The oil price continues to fall. On Thursday, May 16, oil traded at $83,27 per barrel. A day later the price rose to the highest point of the week. On Friday, May 17, oil traded at $83,98 per barrel. On Thursday, May 23, the oil price was significantly lower, at $81,50.
An important reason for the lower oil price is that Russia has exceeded OPEC+ standards. According to the Russian government, there is a technical reason behind this and the country will quickly submit a proposal to OPEC to remedy the situation, Russian Energy Minister Aleksandr Argejev indicated in the Russian media. The overproduction comes at a painful time, as Russian Deputy Prime Minister Alexander Novak hinted at higher oil production two weeks ago. In addition, there was discussion within the cartel last week about production volumes. Five of the 22 countries have declared themselves in favor of higher targets. Russian overproduction could well serve as an argument for countries that would like greater oil production.
New interest rate increase?
The pressure on the oil price increased sharply on Wednesday, May 22, after the Fed released the minutes of its meeting. It can be read that the path to an American interest rate cut is taking longer than expected. This is due to disappointing inflation indicators. The minutes even show that there was discussion about whether the economy is being slowed down enough to combat inflation. Several officials have expressed their doubts about this. The market is interpreting this discussion as a possible prelude to a new increase.

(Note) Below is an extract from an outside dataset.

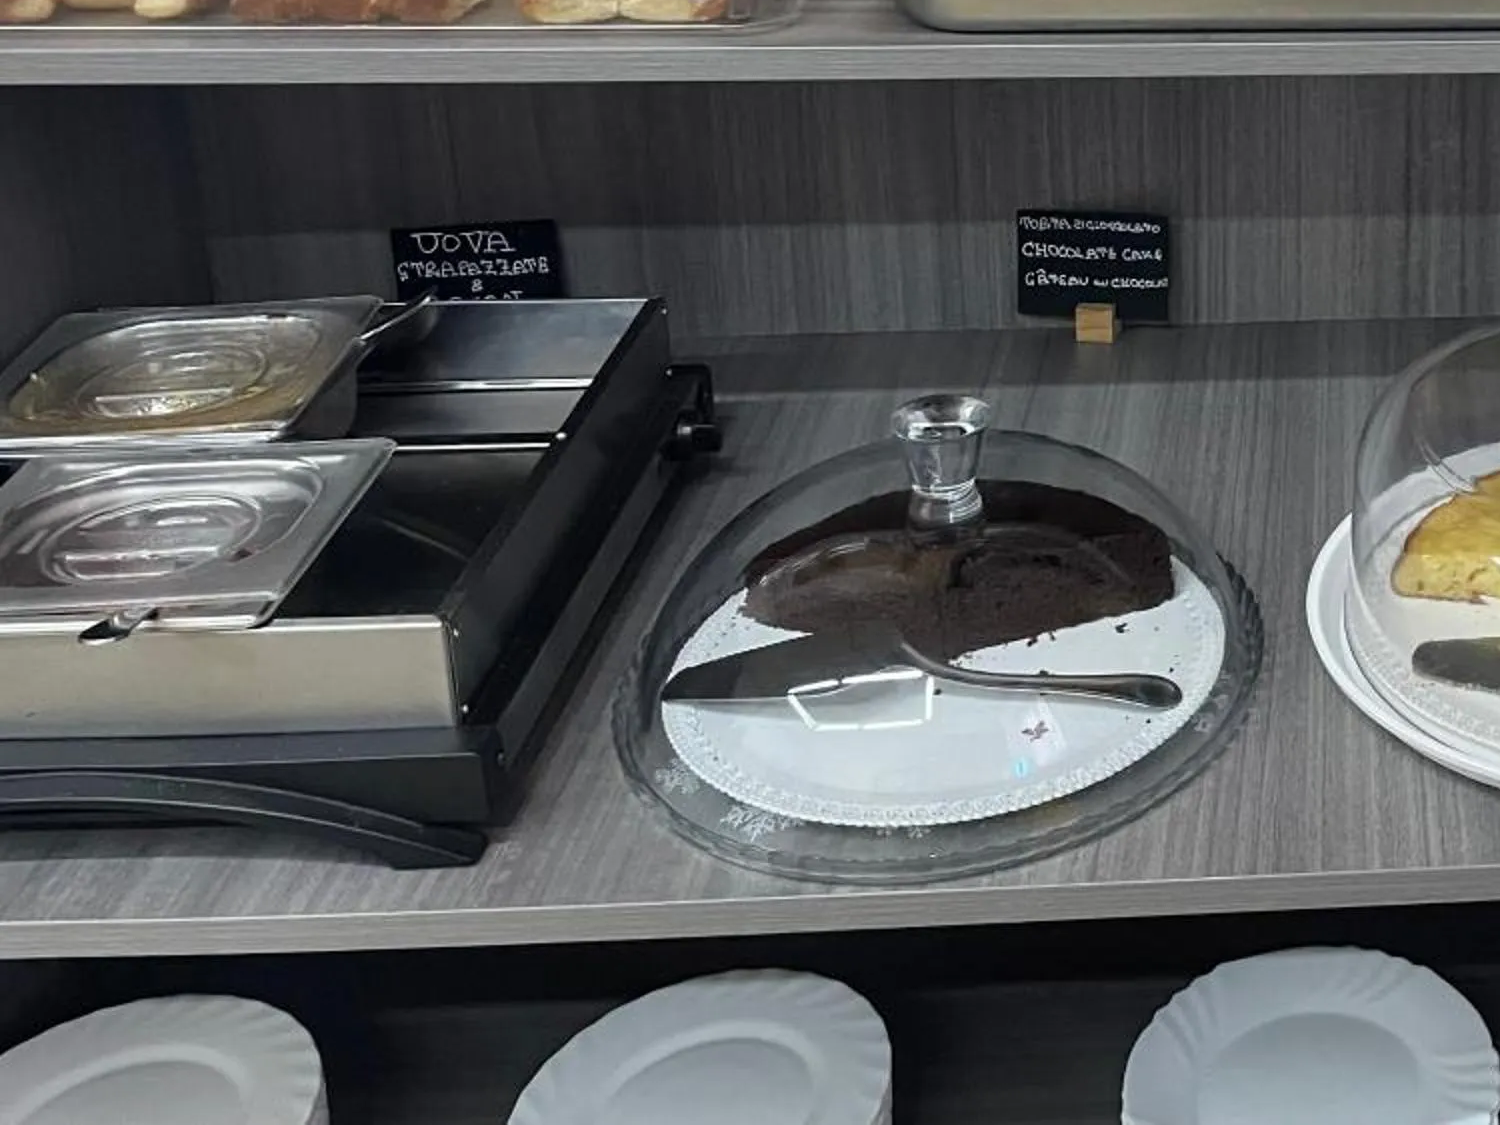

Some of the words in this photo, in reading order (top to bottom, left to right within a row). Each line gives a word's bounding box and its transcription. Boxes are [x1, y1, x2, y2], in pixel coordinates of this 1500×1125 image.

[1019, 216, 1071, 232] TORTA
[409, 230, 517, 254] UOVA
[1021, 241, 1117, 260] CHOCOLATE

Yet it is far from certain that the Fed will raise interest rates again if inflation persists. At the same time, there is also the question of whether the increases have sufficient effect. The minutes show that the idea is that higher interest rates have less grip on the economy, as companies and consumers fixed the interest rates on their loans when money was virtually free. This weakens and delays the effect of high interest rates. This is an argument against a new increase, as the decline in inflation is mainly a matter of time.
US oil reserves
In addition, the imbalance in the American oil market is still a concern. Since the sharp decline in US commercial oil reserves, inventories have increased sharply again. This is evident from data from the American Energy Agency (EIA). This week, reserves increased by 1,83 million barrels. The market expected reserves to increase by 2,55 million barrels. It is notable that American inventories of distillates have also increased. Until now, overproduction of crude oil combined with underproduction of fuels has driven inventory growth. The overproduction of oil is now so significant that the higher production of distillates can no longer compensate for oil production.
The diesel price does not move in parallel with the price of oil and is moving upwards. On Thursday, May 16, €126,89 per 100 liters. The diesel price actually rose for most of the week. On Monday, May 21, the diesel price reached €128. On Wednesday, May 22, the price dropped to €127,34.